▶ **What is expected**
Pictures are not part of the copy; reproduce the remaining data exactly.

▶ **Source material**
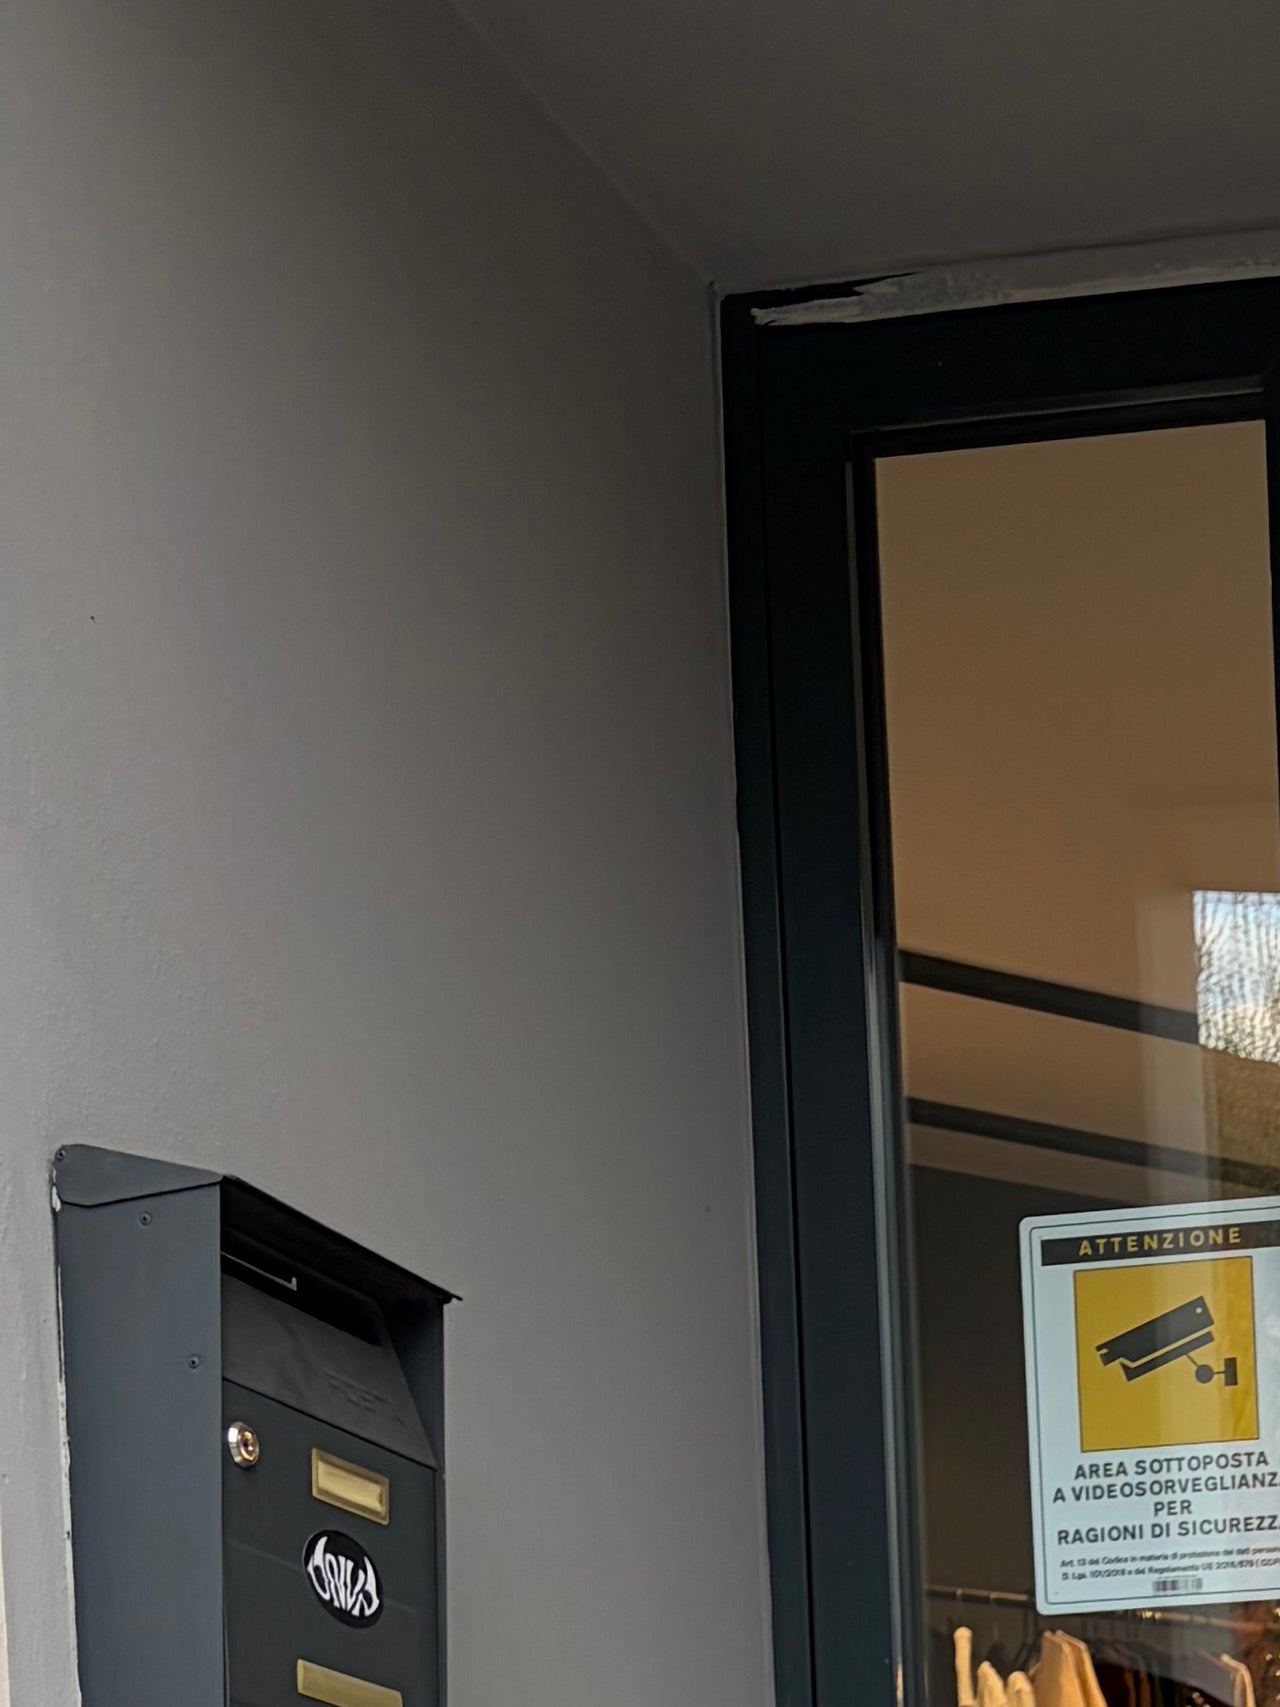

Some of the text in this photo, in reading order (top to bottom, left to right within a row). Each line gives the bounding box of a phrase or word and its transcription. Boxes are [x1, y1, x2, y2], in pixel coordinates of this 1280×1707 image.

[1078, 1227, 1242, 1257] ATTENZIONE
[1074, 1451, 1269, 1481] AREA SOTTOPOSTA
[1052, 1487, 1066, 1504] A
[1153, 1499, 1192, 1517] PER
[1057, 1524, 1144, 1545] RAGIONI
[1151, 1522, 1170, 1539] DI

▶ **Response to this task**
Some of the text in this photo, in reading order (top to bottom, left to right within a row). Each line gives the bounding box of a phrase or word and its transcription. Boxes are [x1, y1, x2, y2], in pixel coordinates of this 1280×1707 image.

[1078, 1227, 1242, 1257] ATTENZIONE
[1074, 1451, 1269, 1481] AREA SOTTOPOSTA
[1052, 1487, 1066, 1504] A
[1153, 1499, 1192, 1517] PER
[1057, 1524, 1144, 1545] RAGIONI
[1151, 1522, 1170, 1539] DI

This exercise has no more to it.